In my version of reality, it's his dog and his responsibility but it also needs to be done. Not knowing him, I have no idea if he's lazy and taking advantage of you or if it's something else. My brother handled my mom in an entirely different way. A more passive aggressive way and HE would not do things until she did them for him and then he'd feel like he'd "won", I couldn't stand the nagging and did stuff while resenting it and feeling trapped because I knew that no matter what I did or how hard I tried it would never been good enough.

I also found, to my complete surprise, once I graduated from high school and got out of there, there actually were people out in the rest of the world who thought I was ok. I never went back.

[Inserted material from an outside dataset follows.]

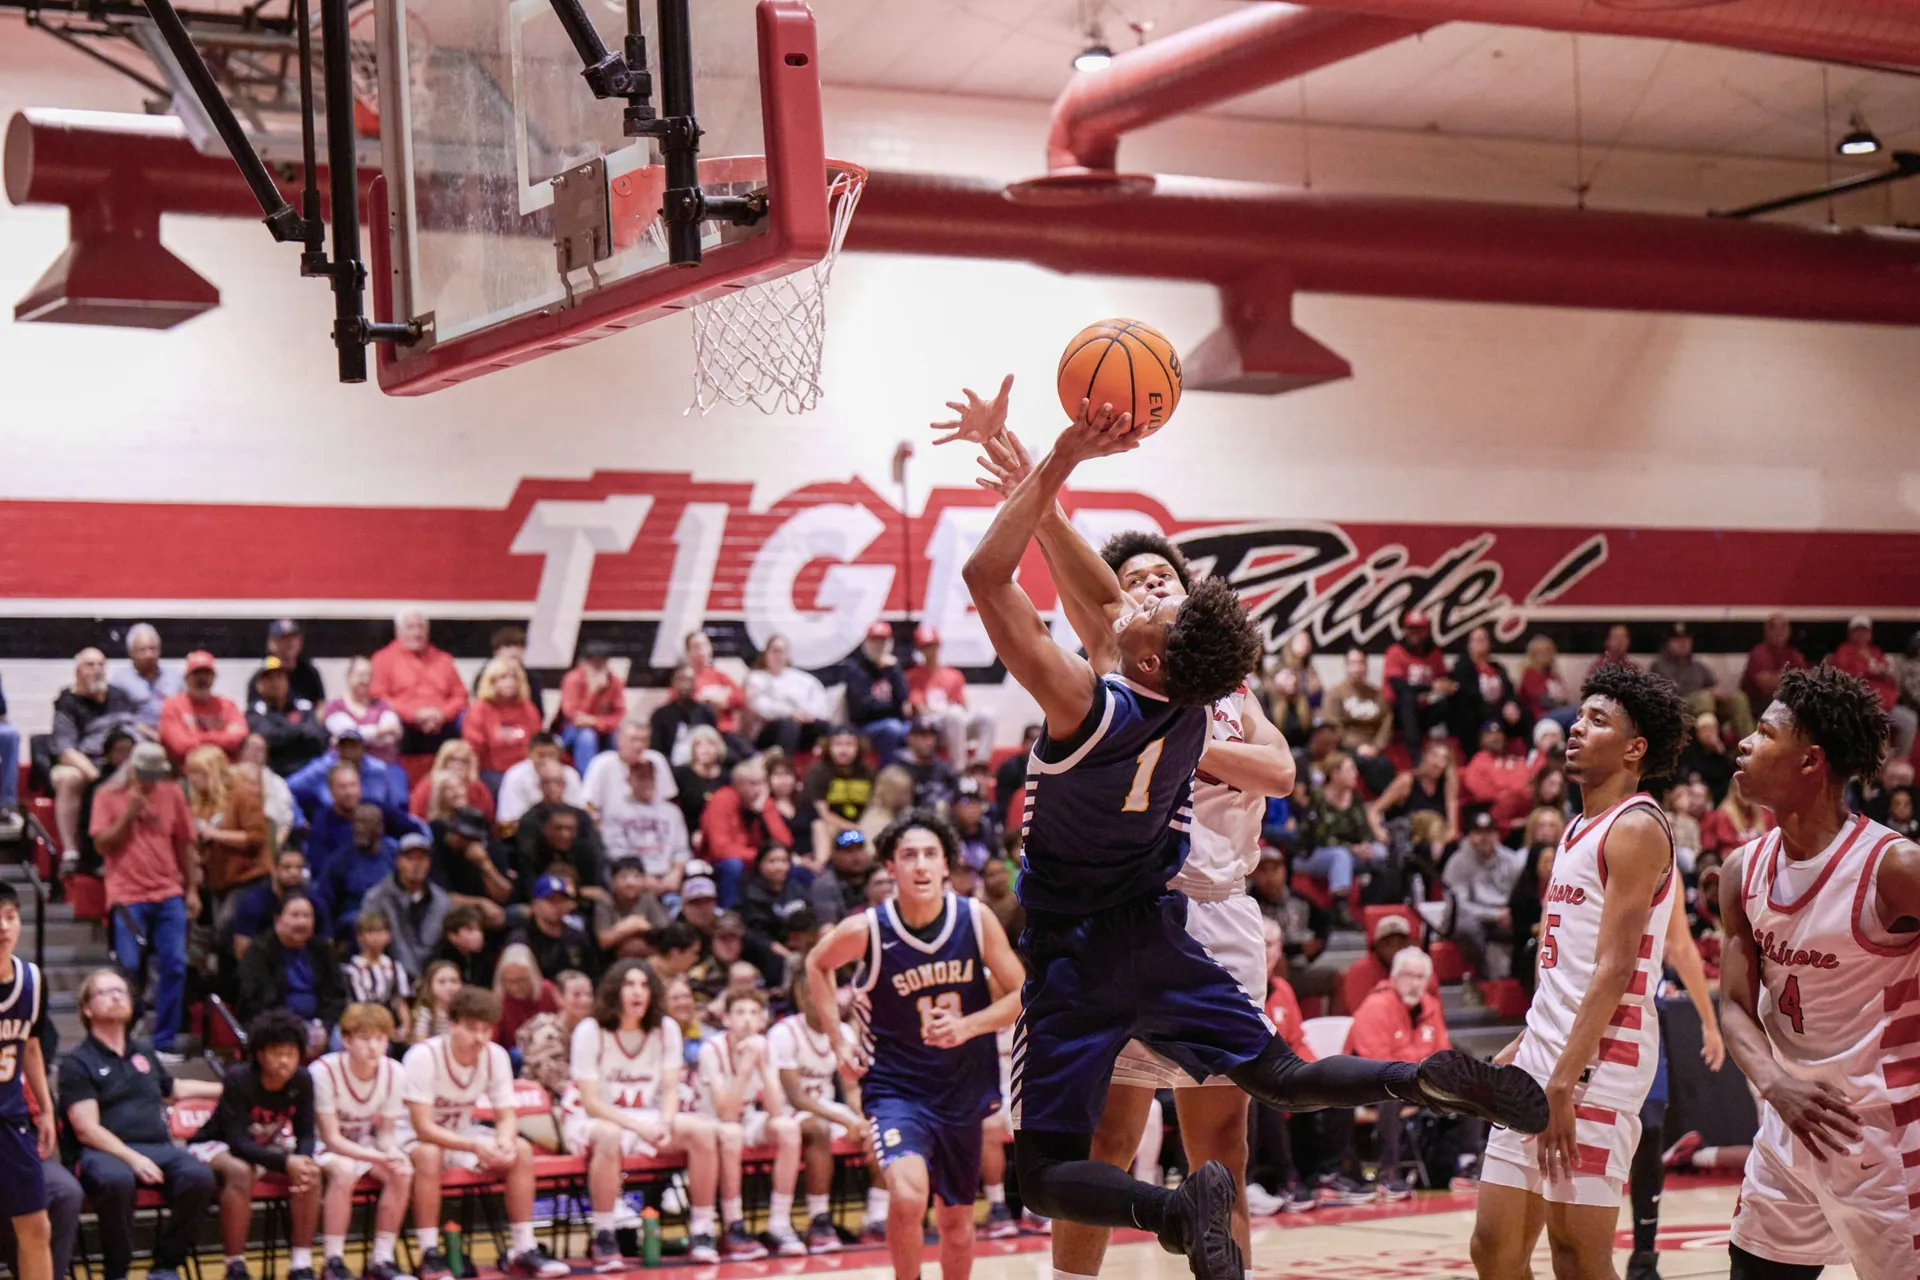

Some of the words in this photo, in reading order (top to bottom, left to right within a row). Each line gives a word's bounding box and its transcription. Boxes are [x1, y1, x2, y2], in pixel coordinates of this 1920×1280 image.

[1121, 736, 1165, 812] 1
[892, 958, 974, 997] SONORA
[1778, 973, 1804, 1035] 4

Household chore assignments can be challenging. I kind of have a "thing" about vacuum cleaners, because of my mom. My house cleaning standards are pretty "relaxed". My ex was a fussier housekeeper than I am. I was more particular about fixing things outside. We had a deal that who ever was bothered by something first took care of it. He did most of the cleaning and he was good enough to run the vacuum when I wasn't around. Usually when he was vacuuming I was outside fixing fences or something. The neighbors thought it was weird, but it worked. But it worked because it worked for both of us. The 2 of you might have different standards and priorities, but you both have to live in the house, so it should be liveable for both of you. And it really DOES seem like it's only fair that you both share the work. And it especially seems like he ought to take care of his own dog. What's his point in having a dog, if he's not going to do anything with it. Does he have a reason for not picking things up or taking care of the dog?

One more thought, "Your dog had an accident, you need to clean it up." might be enough, without "because you didn't take him out". Some people might interpret that as a big of a passive aggressive dig and resent it, which might not produce a useful response from them.